[Work instruction] Copy out the entries exactly, from the first line to the last.

Data section: Begin

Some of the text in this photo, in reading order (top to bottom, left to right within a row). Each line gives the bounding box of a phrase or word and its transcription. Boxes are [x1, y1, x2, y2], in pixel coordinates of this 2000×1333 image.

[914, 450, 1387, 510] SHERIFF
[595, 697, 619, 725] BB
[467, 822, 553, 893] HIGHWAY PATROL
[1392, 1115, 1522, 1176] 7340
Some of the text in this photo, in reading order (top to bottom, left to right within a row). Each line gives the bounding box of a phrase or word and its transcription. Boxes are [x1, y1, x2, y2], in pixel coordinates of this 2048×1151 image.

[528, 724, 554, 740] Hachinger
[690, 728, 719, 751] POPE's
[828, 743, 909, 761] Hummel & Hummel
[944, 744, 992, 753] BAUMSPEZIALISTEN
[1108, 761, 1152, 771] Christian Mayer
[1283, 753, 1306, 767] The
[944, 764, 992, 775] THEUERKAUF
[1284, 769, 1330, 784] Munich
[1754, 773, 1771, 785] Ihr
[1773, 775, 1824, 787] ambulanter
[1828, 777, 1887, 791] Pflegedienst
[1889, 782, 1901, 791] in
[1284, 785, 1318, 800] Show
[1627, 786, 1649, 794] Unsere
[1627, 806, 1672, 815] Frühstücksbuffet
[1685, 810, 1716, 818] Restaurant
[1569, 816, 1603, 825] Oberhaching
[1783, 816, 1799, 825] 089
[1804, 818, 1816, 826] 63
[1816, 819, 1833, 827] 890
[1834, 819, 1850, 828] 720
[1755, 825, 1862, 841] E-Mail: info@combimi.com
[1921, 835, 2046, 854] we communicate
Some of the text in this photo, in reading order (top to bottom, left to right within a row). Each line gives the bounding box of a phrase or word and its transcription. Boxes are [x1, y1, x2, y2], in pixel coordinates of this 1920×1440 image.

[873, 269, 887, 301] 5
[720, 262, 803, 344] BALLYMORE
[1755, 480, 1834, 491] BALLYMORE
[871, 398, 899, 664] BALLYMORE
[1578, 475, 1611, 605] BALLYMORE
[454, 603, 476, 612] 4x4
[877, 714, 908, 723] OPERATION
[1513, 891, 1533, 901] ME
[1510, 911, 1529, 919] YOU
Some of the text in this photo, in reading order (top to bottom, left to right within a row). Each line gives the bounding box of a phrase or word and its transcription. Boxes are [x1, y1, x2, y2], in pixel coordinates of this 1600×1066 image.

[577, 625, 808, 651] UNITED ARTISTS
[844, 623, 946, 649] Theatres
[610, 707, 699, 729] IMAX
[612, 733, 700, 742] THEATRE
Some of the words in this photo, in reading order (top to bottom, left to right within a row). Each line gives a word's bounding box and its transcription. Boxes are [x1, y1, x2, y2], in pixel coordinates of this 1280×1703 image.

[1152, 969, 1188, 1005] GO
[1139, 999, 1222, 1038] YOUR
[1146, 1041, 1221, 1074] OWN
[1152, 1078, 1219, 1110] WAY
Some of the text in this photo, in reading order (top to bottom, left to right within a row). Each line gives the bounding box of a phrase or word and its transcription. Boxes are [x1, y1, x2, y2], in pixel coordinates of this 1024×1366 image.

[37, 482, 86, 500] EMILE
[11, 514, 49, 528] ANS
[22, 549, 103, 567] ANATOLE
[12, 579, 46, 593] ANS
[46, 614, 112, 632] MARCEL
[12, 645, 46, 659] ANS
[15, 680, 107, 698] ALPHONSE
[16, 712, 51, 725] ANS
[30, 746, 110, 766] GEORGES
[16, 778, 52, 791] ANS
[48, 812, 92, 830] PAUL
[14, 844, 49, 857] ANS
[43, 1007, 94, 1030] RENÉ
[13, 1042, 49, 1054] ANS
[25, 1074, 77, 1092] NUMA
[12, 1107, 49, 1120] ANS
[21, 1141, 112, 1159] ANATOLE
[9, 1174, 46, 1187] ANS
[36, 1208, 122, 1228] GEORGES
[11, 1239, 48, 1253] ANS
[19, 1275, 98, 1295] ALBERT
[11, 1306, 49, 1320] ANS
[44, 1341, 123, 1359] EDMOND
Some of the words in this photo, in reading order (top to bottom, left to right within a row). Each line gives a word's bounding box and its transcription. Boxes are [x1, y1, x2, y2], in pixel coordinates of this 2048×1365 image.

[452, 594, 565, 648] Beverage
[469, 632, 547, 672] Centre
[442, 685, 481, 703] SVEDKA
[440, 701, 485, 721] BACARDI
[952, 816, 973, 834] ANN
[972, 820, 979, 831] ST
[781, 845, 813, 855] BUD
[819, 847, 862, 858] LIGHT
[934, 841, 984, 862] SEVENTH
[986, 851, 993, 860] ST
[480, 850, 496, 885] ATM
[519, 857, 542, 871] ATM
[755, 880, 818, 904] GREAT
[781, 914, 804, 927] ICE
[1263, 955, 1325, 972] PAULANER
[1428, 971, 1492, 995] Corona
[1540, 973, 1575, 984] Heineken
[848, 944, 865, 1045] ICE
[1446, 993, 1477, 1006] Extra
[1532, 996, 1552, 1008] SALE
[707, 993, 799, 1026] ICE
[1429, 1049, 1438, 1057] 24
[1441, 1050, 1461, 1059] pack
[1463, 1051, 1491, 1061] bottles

Data section: End

[Completed task]
Some of the text in this photo, in reading order (top to bottom, left to right within a row). Each line gives the bounding box of a phrase or word and its transcription. Boxes are [x1, y1, x2, y2], in pixel coordinates of this 2000×1333 image.

[914, 450, 1387, 510] SHERIFF
[595, 697, 619, 725] BB
[467, 822, 553, 893] HIGHWAY PATROL
[1392, 1115, 1522, 1176] 7340
Some of the text in this photo, in reading order (top to bottom, left to right within a row). Each line gives the bounding box of a phrase or word and its transcription. Boxes are [x1, y1, x2, y2], in pixel coordinates of this 2048×1151 image.

[528, 724, 554, 740] Hachinger
[690, 728, 719, 751] POPE's
[828, 743, 909, 761] Hummel & Hummel
[944, 744, 992, 753] BAUMSPEZIALISTEN
[1108, 761, 1152, 771] Christian Mayer
[1283, 753, 1306, 767] The
[944, 764, 992, 775] THEUERKAUF
[1284, 769, 1330, 784] Munich
[1754, 773, 1771, 785] Ihr
[1773, 775, 1824, 787] ambulanter
[1828, 777, 1887, 791] Pflegedienst
[1889, 782, 1901, 791] in
[1284, 785, 1318, 800] Show
[1627, 786, 1649, 794] Unsere
[1627, 806, 1672, 815] Frühstücksbuffet
[1685, 810, 1716, 818] Restaurant
[1569, 816, 1603, 825] Oberhaching
[1783, 816, 1799, 825] 089
[1804, 818, 1816, 826] 63
[1816, 819, 1833, 827] 890
[1834, 819, 1850, 828] 720
[1755, 825, 1862, 841] E-Mail: info@combimi.com
[1921, 835, 2046, 854] we communicate
Some of the text in this photo, in reading order (top to bottom, left to right within a row). Each line gives the bounding box of a phrase or word and its transcription. Boxes are [x1, y1, x2, y2], in pixel coordinates of this 1920×1440 image.

[873, 269, 887, 301] 5
[720, 262, 803, 344] BALLYMORE
[1755, 480, 1834, 491] BALLYMORE
[871, 398, 899, 664] BALLYMORE
[1578, 475, 1611, 605] BALLYMORE
[454, 603, 476, 612] 4x4
[877, 714, 908, 723] OPERATION
[1513, 891, 1533, 901] ME
[1510, 911, 1529, 919] YOU
Some of the text in this photo, in reading order (top to bottom, left to right within a row). Each line gives the bounding box of a phrase or word and its transcription. Boxes are [x1, y1, x2, y2], in pixel coordinates of this 1600×1066 image.

[577, 625, 808, 651] UNITED ARTISTS
[844, 623, 946, 649] Theatres
[610, 707, 699, 729] IMAX
[612, 733, 700, 742] THEATRE
Some of the words in this photo, in reading order (top to bottom, left to right within a row). Each line gives a word's bounding box and its transcription. Boxes are [x1, y1, x2, y2], in pixel coordinates of this 1280×1703 image.

[1152, 969, 1188, 1005] GO
[1139, 999, 1222, 1038] YOUR
[1146, 1041, 1221, 1074] OWN
[1152, 1078, 1219, 1110] WAY
Some of the text in this photo, in reading order (top to bottom, left to right within a row). Each line gives the bounding box of a phrase or word and its transcription. Boxes are [x1, y1, x2, y2], in pixel coordinates of this 1024×1366 image.

[37, 482, 86, 500] EMILE
[11, 514, 49, 528] ANS
[22, 549, 103, 567] ANATOLE
[12, 579, 46, 593] ANS
[46, 614, 112, 632] MARCEL
[12, 645, 46, 659] ANS
[15, 680, 107, 698] ALPHONSE
[16, 712, 51, 725] ANS
[30, 746, 110, 766] GEORGES
[16, 778, 52, 791] ANS
[48, 812, 92, 830] PAUL
[14, 844, 49, 857] ANS
[43, 1007, 94, 1030] RENÉ
[13, 1042, 49, 1054] ANS
[25, 1074, 77, 1092] NUMA
[12, 1107, 49, 1120] ANS
[21, 1141, 112, 1159] ANATOLE
[9, 1174, 46, 1187] ANS
[36, 1208, 122, 1228] GEORGES
[11, 1239, 48, 1253] ANS
[19, 1275, 98, 1295] ALBERT
[11, 1306, 49, 1320] ANS
[44, 1341, 123, 1359] EDMOND
Some of the words in this photo, in reading order (top to bottom, left to right within a row). Each line gives a word's bounding box and its transcription. Boxes are [x1, y1, x2, y2], in pixel coordinates of this 2048×1365 image.

[452, 594, 565, 648] Beverage
[469, 632, 547, 672] Centre
[442, 685, 481, 703] SVEDKA
[440, 701, 485, 721] BACARDI
[952, 816, 973, 834] ANN
[972, 820, 979, 831] ST
[781, 845, 813, 855] BUD
[819, 847, 862, 858] LIGHT
[934, 841, 984, 862] SEVENTH
[986, 851, 993, 860] ST
[480, 850, 496, 885] ATM
[519, 857, 542, 871] ATM
[755, 880, 818, 904] GREAT
[781, 914, 804, 927] ICE
[1263, 955, 1325, 972] PAULANER
[1428, 971, 1492, 995] Corona
[1540, 973, 1575, 984] Heineken
[848, 944, 865, 1045] ICE
[1446, 993, 1477, 1006] Extra
[1532, 996, 1552, 1008] SALE
[707, 993, 799, 1026] ICE
[1429, 1049, 1438, 1057] 24
[1441, 1050, 1461, 1059] pack
[1463, 1051, 1491, 1061] bottles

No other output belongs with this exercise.